The illegal activity is popular among foreigners who secretly collect rare plants and animals, and smuggle them out of the country.
Speaking at the workshop held in the central Turkish city of Kayseri, Hüsniye Kılınçarslan, a senior official from the ministry's department specializing in biosmuggling, said Turkey, as a country located between Europe, Asia and Africa has a diverse ecosystem with species from three continents as well as rare ones. She noted that bio smugglers smuggled everything from local animal breeds, plants used in medicine, butterflies, edible plants, insects, frogs, tulips and reptiles for several purposes. Smuggled animals and plants are used for genetic research, medicine production and other lucrative fields.
Outlining the smuggling activities, Kılınçarslan said people, especially from European countries, traveled to Turkey posing as tourists to smuggle endemic animals, especially insects and poisonous snakes to use them in genetic research.
She said animal smuggling is concentrated in the mountains in the northwest, central, eastern and southern part of Turkey where rare species live. "For instance, smugglers from Switzerland, a country advanced in medical research, obtain vipers to use their poison for medicine production," she said.
Insects, including butterflies, are the target of smugglers from Russia and Eastern European countries. Butterflies are smuggled mostly for collection purposes while insects such as cockroaches are used for the production of antibiotics.
Alliaceous plants such as tulips are popular among smugglers from the Netherlands while some species of wheat are smuggled to Japan for genetic research.
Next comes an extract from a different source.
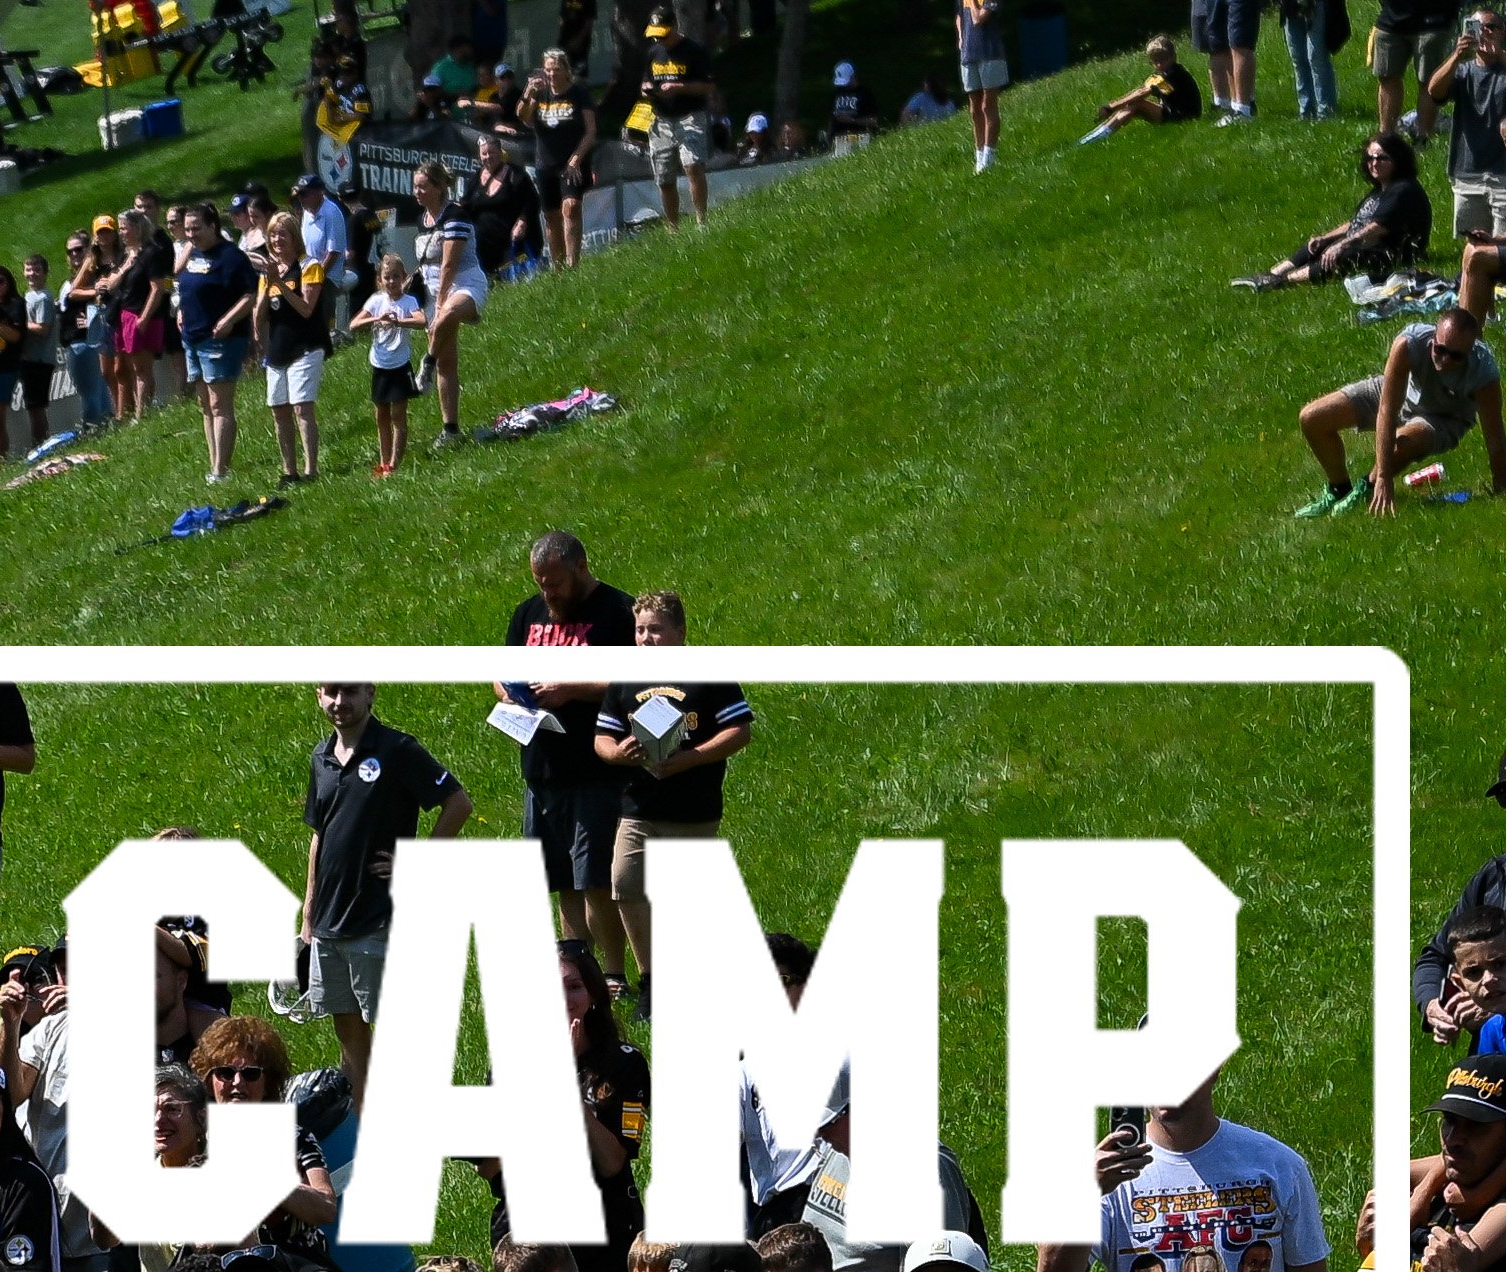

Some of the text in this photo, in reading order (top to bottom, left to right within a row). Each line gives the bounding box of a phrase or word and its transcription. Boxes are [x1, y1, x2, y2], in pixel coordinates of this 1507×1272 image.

[359, 162, 414, 196] TRAIN
[440, 152, 483, 173] STEELE
[1132, 1187, 1277, 1225] STEELERS
Hüsniye Kılınçarslan said that it was difficult to detect biosmugglers easily and most of them are captured through public tip-offs and urged citizens to remain aware of any suspicious activities regarding endemic species.The smuggling of endemic plants and animals has increased in recent years, or rather, has become more known thanks to an awareness campaign by authorities to prevent smuggling with the aid of citizens. Authorities admit the fines issued under a law to protect the environment are not a strong enough deterrent and pledged to introduce new regulations with heavier sentences against biosmugglers. The government launched a project against biosmuggling in 41 cities and the project will be upgraded to a nationwide level in 2015. The government has earmarked a budget of TL 1.5 million ($683,355) for the project that includes legal and administrative measures against smuggling in a campaign to raise awareness against the smuggling and gather public support against the smugglers.